By analyzing the data from TCGA and GTEx databases, we found that ALDH3A2 expression varied in different types of tumor cells. AML patients had higher ALDH3A2 expression than normal tissues. We analyzed the RNA-seq results of 88 leukemia cell lines from the HPA database, and found that 15 out of the top 25% highest ALDH3A2 expression cell lines were AML cell lines, indicating that AML cells had higher ALDH3A2 expression than other types of leukemia cells. We plotted survival curves based on the gene data and clinical survival data from TCGA and GTEx databases. It showed that AML patients with high ALDH3A2 expression had shorter overall survival (OS) than those with low expression. We detected the expression of ALDH3A2 in AML cell lines and primary cells from patients using Western blot and RT-qPCR, respectively. Our data showed that drug-resistant AML cell lines had higher ALDH3A2 expression than their parental cells. The expression of ALDH3A2 in primary cells from AML patients achieving continuous complete remission (CR) within two years was significantly lower than that in the first-line non-remission(C1NR) group and the relapsed/refractory (R/R) group. Besides, the expression of ALDH3A2 is related to certain types of mutation such as CEBPα, FLT3-ITD and RUNX1. To investigate the function of ALDH3A2, we constructed AML cell lines with ALDH3A2 knockdown or overexpression.

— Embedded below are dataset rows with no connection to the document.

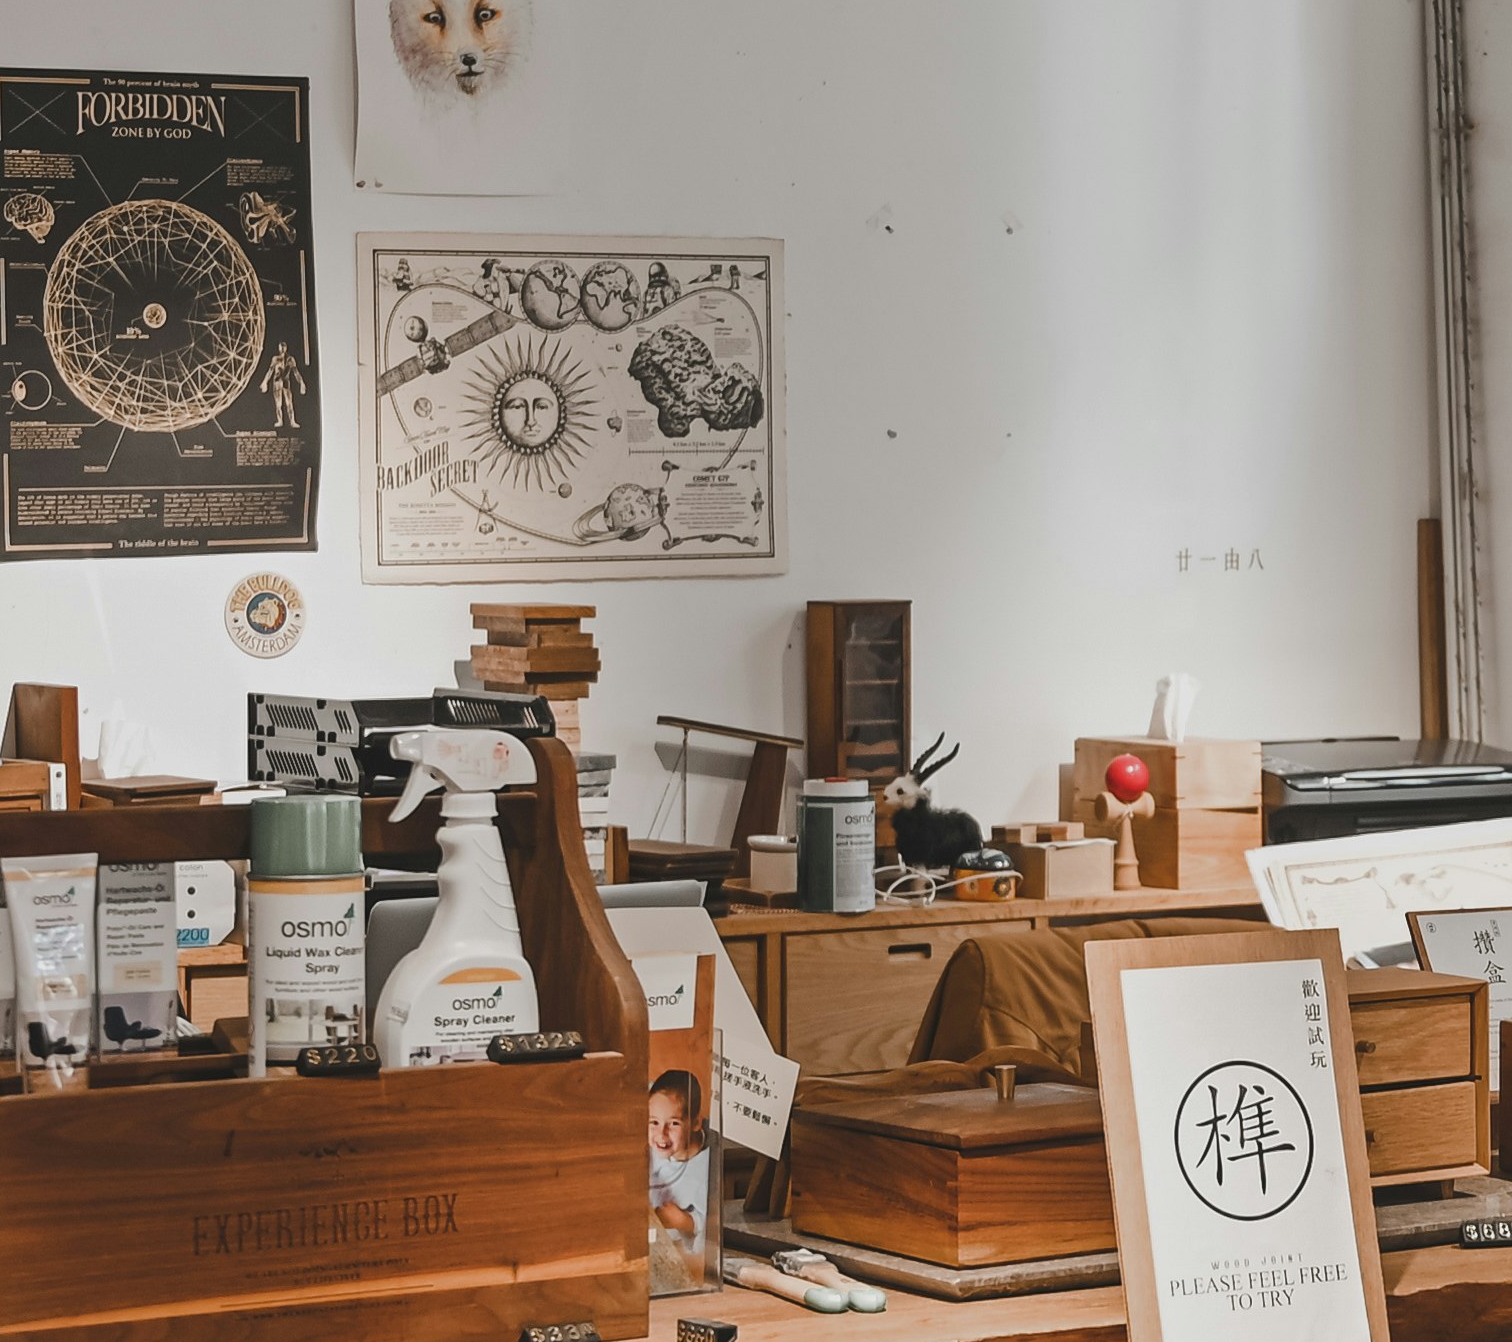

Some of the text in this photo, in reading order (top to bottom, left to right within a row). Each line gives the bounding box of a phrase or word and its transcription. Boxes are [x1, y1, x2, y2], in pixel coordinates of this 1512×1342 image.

[76, 91, 226, 138] FORBIDDEN
[112, 126, 192, 139] ZONE BY GOD
[377, 441, 449, 490] BACKDOOR
[431, 460, 477, 498] SECRET
[230, 574, 303, 613] THE BULLDOG
[232, 622, 302, 653] AMSTERDAM
[281, 920, 347, 938] osmo
[266, 946, 301, 960] Liquid
[305, 947, 330, 958] Wax
[306, 963, 339, 975] Spray
[452, 996, 496, 1010] osmo
[648, 995, 678, 1007] smo
[434, 1014, 516, 1028] Spray Cleaner
[1301, 979, 1327, 1069] 歡迎試玩
[306, 1046, 377, 1064] $220
[1195, 1083, 1296, 1196] 榫
[193, 1193, 459, 1256] EXPERIENCE BOX
[1210, 1253, 1305, 1271] WOOD JOINT
[1169, 1262, 1348, 1298] PLEASE FEEL FREE
[1226, 1287, 1295, 1312] TO TRY

We found that the increasing ferroptosis level and decreasing cell activity after treatment with the same concentration of Adriamycin was observed in the knockdown group, and overexpression group had the opposite effect. By ELISA and GC-MS, we discovered that there were differences in 4-HNE and fatty acid content between the overexpression group and the control group. It suggested that ALDH3A2 overexpression reduced the cytotoxic 4-HNE and increased the content of heptadecanoic acid, oleic acid, and linoleic acid. We further pretreated AML cells with heptadecanoic acid, oleic acid, and linoleic acid, and found that pretreatment with heptadecanoic acid and oleic acid reduced ferroptosis level and cytotoxicity induced by Adriamycin in AML cells. We also tried to find the regulatory mechanism of ALDH3A2 expression and found that acetylation plays a certain role in it.

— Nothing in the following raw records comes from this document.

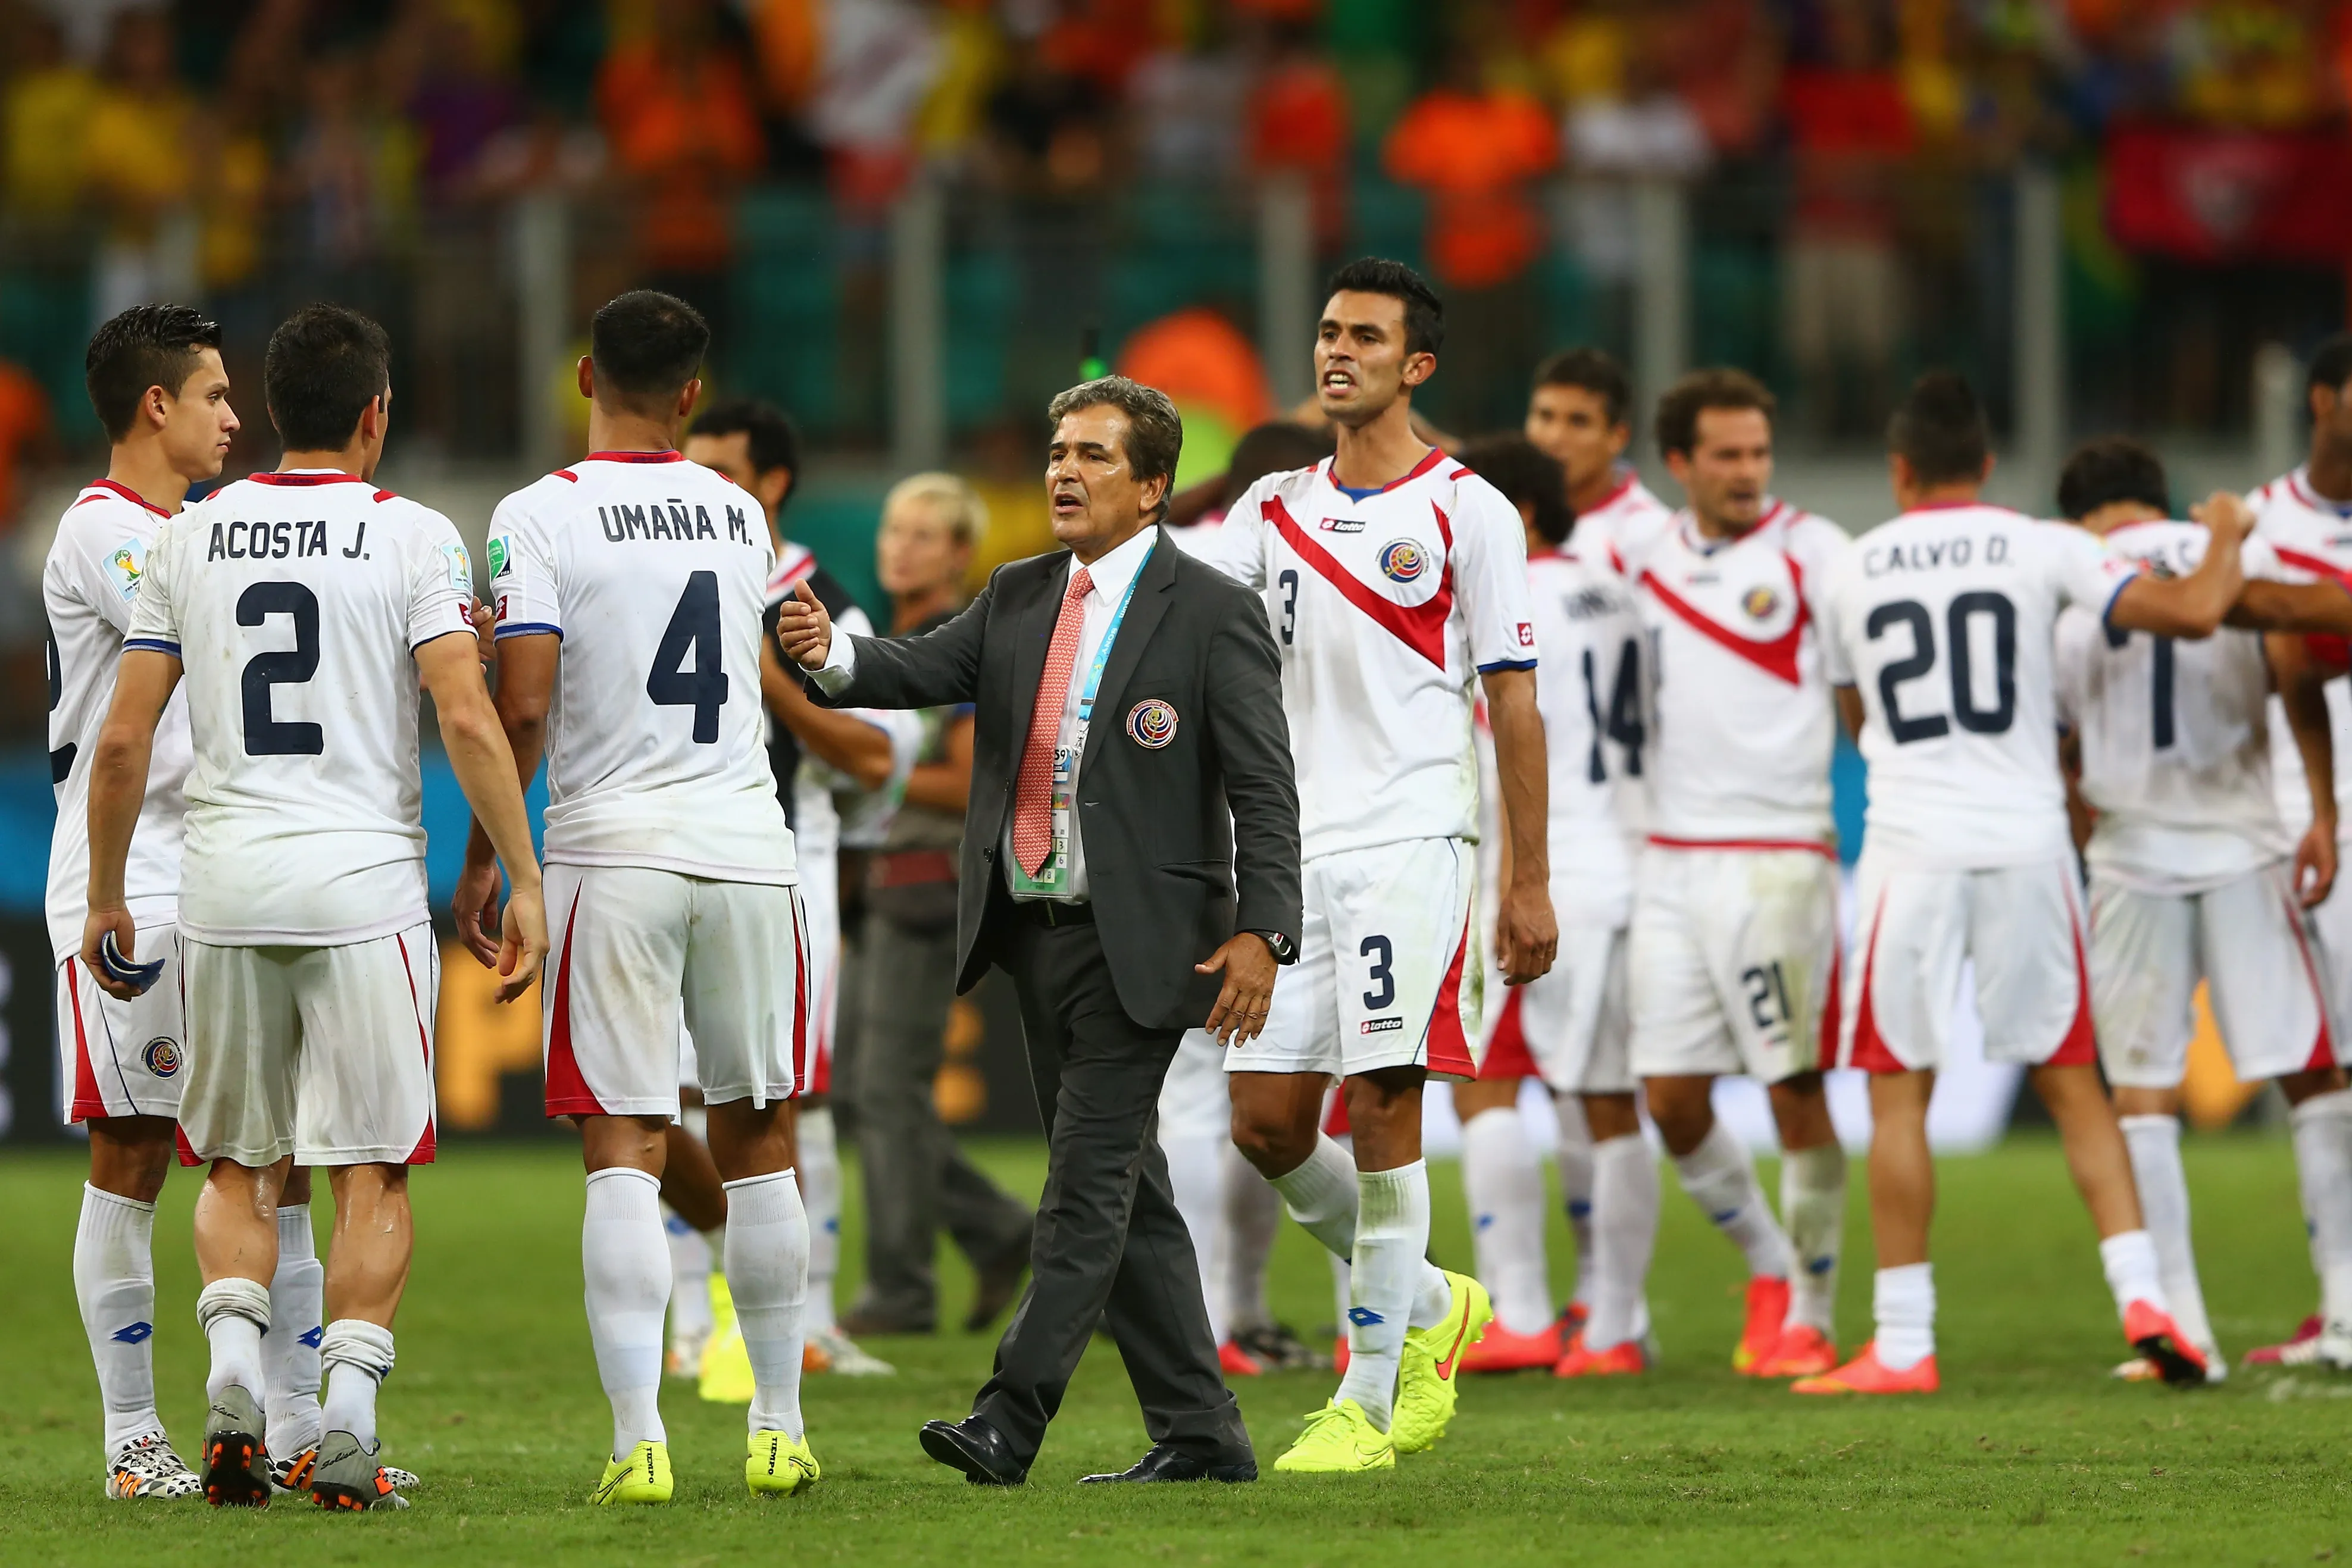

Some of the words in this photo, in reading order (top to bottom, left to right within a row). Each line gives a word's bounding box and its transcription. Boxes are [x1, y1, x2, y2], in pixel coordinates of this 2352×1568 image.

[208, 521, 328, 562] ACOSTA
[342, 522, 370, 561] J.
[598, 498, 717, 543] UMAÑA
[725, 504, 753, 546] M.
[1863, 536, 1973, 581] CALVO
[1102, 627, 1118, 654] SONY
[1279, 568, 1299, 646] 3
[235, 580, 325, 756] 2
[646, 570, 729, 744] 4
[1865, 590, 2018, 744] 20
[1581, 636, 1646, 785] 14
[1059, 856, 1064, 865] 6
[1360, 934, 1395, 1010] 3
[1742, 960, 1794, 1029] 21
[768, 1436, 777, 1476] TIEMPO

In conclusion, our studies found that increased expression of ALDH3A2 was related to poor chemotherapy efficacy in AML patients and clarifies the mechanism of ALDH3A2 regulating chemosensitivity in AML. ALDH3A2 degraded the cell toxic product 4-HNE of lipid peroxidation and regulated the proportion and content of heptadecanoic acid, oleic acid, and linoleic acid in cells, which related to ferroptosis and resistance to anthracycline drugs. Downregulating ALDH3A2 could increase AML's susceptibility to chemotherapy which may make it a promising therapy.

Disclosures: No relevant conflicts of interest to declare.